Açık uçlu dalga kılavuzu, eş düzlemli dalga kılavuzu, boynuz-lens antenler; örnek-doldurulmuş dalga kılavuzu ve zaman-uzayı-reflektometri gibi farklı tip mikrodalga teknikleri kullanılarak OPC ve jeopolimer yapıların içerisindeki ASR’nin tespiti ve miktarının numuneyi tahrip etmeden belirlenmesi, bu yapıların kompleks dielektrik geçirgenlik, iletim katsayısı ve yansıma katsayısı üzerinden etkin bir şekilde gerçekleştirilebilir. Yapmış olduğumuz detaylı literatür araştırmaları sonucunda, OPC ve/veya jeopolimer yapıların kimyasal, mekanik ve yapısal özellikleri eski-nesil ve ölçüm hassasiyeti sınırlı olan açık-uçlu dalga kılavuzları, koaksiyel prob ve serbest-uzay mikrodalga yöntemleri kullanılarak belirlenmiştir. Ayrıca, literatürde mikrodalga frekanslarında jeopolimer malzemelerin özelliklerinin belirlenmesi konusunda yapılan çalışmalar çok sınırlıdır. Bu durum yukarıda bahsedildiği üzere jeopolimer yapılarda reaksiyon başlatıcı malzemelerin kalsiyum içeriğine göre vermiş oldukları tepkinin ve jeopolimer yapılardaki su reaksiyon mekanizmalarının ve faz geçişlerininin tam olarak anlaşılmamasıyla ilgilidir. Projemizde daha önce literatürde kullanılmamış yeni nesil ve hassasiyeti yüksek metamalzeme tabanlı mikrodalga sensör teknolojisini, OPC ve jeopolimer yapılarda ASR oluşumunu ve miktarını tahribatsız bir şekilde tespit etmek ve jeopolimer yapılardaki su reaksiyon mekanizmalarını ve faz geçişlerini analiz etmek için kullanacağız.

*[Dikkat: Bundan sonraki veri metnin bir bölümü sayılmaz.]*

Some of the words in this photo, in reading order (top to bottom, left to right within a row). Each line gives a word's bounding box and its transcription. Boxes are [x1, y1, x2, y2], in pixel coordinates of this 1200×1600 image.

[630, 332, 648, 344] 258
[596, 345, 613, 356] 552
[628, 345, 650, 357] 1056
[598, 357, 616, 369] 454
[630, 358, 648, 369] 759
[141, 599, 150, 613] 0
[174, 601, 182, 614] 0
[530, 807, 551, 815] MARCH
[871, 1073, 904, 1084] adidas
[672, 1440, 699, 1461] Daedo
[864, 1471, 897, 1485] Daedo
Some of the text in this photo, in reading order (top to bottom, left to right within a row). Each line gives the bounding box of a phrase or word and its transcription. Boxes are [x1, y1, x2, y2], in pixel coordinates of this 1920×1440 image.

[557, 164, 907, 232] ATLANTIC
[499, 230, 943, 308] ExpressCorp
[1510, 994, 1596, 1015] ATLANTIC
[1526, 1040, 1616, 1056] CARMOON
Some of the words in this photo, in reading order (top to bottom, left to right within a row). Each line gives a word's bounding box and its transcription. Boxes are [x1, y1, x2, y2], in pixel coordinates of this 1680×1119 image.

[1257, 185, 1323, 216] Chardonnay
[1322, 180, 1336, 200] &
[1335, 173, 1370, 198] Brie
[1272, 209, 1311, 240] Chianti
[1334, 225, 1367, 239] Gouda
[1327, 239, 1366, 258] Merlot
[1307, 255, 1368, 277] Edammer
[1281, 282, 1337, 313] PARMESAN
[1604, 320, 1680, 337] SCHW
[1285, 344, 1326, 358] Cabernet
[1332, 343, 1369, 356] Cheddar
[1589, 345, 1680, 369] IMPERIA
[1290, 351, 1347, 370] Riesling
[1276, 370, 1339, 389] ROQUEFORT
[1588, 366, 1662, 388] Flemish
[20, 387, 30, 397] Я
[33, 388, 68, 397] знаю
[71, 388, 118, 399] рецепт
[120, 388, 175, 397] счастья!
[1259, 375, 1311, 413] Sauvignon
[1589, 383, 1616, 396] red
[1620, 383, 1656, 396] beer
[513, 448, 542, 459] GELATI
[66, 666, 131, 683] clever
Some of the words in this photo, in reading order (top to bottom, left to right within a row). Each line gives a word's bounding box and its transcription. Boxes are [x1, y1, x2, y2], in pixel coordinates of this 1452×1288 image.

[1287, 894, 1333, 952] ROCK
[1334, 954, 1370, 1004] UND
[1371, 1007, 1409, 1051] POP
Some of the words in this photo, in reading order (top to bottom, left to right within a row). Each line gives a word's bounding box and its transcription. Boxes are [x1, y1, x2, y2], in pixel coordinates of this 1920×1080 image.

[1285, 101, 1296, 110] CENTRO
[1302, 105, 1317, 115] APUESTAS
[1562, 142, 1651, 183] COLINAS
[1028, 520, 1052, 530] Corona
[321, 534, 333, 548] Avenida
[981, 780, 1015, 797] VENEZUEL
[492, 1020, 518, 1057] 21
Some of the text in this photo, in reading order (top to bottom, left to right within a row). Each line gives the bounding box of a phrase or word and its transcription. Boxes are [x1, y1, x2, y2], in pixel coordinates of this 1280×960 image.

Metamalzeme rezonatörlere sahip mikrodalga sensörlerin, konvansiyonel mikrodalga sensörlere kıyasla güçlü lokalize-iyileştirilmiş seçicilik, evanesans (evanescent) spektrumunu iyileştirmek vasıtası ile yüksek ölçüm hassasiyeti, çalışma dalga boyundan çok daha küçük MM hücreleri barındırdığı için elektriksel olarak hap kutuları boyutlarında küçük sensörler olarak dizayn edilebilmesi gibi avantajları bulunmaktadır.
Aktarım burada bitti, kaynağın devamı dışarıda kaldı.